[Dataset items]

▽

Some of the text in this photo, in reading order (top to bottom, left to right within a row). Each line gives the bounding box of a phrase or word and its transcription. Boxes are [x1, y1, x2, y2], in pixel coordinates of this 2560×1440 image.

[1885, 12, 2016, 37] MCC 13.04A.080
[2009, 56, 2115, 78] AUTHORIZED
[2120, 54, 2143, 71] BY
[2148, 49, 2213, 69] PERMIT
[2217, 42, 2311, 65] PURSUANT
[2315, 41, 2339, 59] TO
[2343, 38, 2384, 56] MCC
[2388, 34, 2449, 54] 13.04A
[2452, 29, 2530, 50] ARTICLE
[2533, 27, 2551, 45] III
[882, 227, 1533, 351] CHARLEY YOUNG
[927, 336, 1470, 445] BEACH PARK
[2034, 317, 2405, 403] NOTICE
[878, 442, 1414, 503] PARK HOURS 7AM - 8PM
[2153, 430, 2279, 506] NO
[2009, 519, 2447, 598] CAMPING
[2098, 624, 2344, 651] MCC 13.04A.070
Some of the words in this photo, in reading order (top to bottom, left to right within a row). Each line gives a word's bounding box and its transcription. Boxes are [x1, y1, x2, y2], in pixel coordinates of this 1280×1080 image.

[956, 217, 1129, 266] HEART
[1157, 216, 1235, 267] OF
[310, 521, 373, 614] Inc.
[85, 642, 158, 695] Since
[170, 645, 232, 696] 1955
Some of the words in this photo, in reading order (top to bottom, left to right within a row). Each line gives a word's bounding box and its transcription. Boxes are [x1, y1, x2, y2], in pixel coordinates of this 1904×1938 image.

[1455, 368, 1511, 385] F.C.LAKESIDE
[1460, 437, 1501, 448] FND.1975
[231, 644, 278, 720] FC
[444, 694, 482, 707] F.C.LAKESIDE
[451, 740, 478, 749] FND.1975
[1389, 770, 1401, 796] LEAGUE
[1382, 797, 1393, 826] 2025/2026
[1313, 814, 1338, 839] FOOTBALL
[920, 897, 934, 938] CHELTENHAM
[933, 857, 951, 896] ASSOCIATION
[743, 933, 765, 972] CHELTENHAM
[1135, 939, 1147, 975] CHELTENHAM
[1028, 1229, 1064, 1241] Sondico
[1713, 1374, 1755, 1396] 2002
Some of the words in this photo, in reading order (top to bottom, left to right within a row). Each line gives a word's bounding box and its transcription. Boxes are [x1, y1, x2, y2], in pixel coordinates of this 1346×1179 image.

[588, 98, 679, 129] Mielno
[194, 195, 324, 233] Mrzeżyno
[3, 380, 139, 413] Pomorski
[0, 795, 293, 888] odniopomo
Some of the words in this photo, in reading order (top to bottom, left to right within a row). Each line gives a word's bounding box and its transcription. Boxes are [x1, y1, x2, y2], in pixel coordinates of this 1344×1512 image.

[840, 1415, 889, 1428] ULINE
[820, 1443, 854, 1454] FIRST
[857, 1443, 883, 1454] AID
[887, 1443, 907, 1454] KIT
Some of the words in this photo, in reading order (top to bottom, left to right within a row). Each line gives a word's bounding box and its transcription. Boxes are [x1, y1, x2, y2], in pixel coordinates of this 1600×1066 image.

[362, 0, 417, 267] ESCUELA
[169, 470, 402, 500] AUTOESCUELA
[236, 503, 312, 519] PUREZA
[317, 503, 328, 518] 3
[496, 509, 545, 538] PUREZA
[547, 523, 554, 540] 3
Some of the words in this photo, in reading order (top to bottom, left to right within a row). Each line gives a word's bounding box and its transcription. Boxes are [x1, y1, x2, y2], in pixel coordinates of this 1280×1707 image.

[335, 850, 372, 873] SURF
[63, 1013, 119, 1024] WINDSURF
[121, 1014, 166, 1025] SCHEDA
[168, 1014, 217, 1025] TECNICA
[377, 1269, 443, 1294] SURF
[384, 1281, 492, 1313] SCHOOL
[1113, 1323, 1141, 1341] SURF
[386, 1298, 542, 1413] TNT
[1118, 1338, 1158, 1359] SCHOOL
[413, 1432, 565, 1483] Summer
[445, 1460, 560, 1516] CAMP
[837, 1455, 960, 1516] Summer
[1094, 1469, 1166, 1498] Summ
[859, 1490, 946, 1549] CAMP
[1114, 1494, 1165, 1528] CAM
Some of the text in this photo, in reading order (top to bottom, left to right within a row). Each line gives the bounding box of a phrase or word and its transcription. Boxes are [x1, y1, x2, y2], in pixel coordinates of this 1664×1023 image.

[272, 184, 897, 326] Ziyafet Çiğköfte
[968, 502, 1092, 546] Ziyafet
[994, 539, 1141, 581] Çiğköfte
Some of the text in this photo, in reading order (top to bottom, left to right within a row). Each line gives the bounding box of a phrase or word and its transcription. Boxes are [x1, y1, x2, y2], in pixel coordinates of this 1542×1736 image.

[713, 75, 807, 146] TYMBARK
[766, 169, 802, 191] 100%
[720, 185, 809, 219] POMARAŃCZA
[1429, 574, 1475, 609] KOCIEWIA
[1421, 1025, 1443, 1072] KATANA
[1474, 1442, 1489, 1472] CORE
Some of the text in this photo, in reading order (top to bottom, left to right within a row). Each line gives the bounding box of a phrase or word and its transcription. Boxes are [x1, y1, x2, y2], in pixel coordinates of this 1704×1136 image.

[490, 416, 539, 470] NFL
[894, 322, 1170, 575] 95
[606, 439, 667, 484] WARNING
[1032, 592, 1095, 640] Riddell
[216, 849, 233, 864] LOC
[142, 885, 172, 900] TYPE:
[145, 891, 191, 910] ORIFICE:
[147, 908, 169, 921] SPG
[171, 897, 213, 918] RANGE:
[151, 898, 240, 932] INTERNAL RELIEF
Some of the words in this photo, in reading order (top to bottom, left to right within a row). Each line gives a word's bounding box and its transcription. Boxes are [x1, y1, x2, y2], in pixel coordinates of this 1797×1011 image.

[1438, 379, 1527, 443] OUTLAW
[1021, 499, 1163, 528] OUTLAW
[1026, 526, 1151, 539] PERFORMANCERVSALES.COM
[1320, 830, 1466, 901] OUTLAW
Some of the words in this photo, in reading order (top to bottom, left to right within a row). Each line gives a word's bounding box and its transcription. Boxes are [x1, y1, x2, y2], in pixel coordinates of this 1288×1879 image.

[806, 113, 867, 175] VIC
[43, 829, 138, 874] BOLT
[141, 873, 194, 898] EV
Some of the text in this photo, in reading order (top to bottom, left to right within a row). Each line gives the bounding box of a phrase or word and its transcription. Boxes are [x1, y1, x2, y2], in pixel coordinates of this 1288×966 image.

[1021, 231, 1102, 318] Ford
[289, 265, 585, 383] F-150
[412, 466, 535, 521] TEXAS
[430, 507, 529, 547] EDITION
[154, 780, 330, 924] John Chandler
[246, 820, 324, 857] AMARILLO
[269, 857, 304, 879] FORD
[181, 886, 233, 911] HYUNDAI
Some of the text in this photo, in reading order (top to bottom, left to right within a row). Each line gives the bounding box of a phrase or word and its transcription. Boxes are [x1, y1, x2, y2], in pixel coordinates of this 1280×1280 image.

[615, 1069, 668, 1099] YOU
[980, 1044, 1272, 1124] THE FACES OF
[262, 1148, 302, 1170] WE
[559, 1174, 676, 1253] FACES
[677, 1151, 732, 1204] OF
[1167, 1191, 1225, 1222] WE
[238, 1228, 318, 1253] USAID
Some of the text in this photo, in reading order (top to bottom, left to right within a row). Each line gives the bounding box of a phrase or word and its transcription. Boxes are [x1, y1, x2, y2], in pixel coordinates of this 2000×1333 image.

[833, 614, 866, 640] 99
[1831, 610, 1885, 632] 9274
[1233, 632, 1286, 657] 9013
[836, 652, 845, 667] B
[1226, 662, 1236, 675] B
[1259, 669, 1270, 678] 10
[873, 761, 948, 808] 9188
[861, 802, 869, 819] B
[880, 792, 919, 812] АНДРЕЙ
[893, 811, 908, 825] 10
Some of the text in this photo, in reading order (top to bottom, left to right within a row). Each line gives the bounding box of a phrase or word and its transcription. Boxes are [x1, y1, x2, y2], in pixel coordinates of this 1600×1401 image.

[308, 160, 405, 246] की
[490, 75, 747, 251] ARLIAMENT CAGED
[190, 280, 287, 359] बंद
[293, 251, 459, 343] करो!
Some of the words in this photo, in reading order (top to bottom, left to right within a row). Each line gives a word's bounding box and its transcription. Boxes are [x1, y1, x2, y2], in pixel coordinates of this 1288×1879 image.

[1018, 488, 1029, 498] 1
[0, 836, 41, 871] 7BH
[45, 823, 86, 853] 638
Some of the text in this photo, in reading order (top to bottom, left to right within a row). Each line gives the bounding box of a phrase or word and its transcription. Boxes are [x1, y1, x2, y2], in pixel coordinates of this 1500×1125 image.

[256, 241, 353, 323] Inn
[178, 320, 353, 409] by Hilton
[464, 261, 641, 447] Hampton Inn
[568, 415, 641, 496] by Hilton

△

• [Your goal]: Every line from the one that contains "this 1500×1125 image." down to and including the last line of the records above must be set down exactly, with nothing else.

• [Result for this exercise]:
Some of the text in this photo, in reading order (top to bottom, left to right within a row). Each line gives the bounding box of a phrase or word and its transcription. Boxes are [x1, y1, x2, y2], in pixel coordinates of this 1500×1125 image.

[256, 241, 353, 323] Inn
[178, 320, 353, 409] by Hilton
[464, 261, 641, 447] Hampton Inn
[568, 415, 641, 496] by Hilton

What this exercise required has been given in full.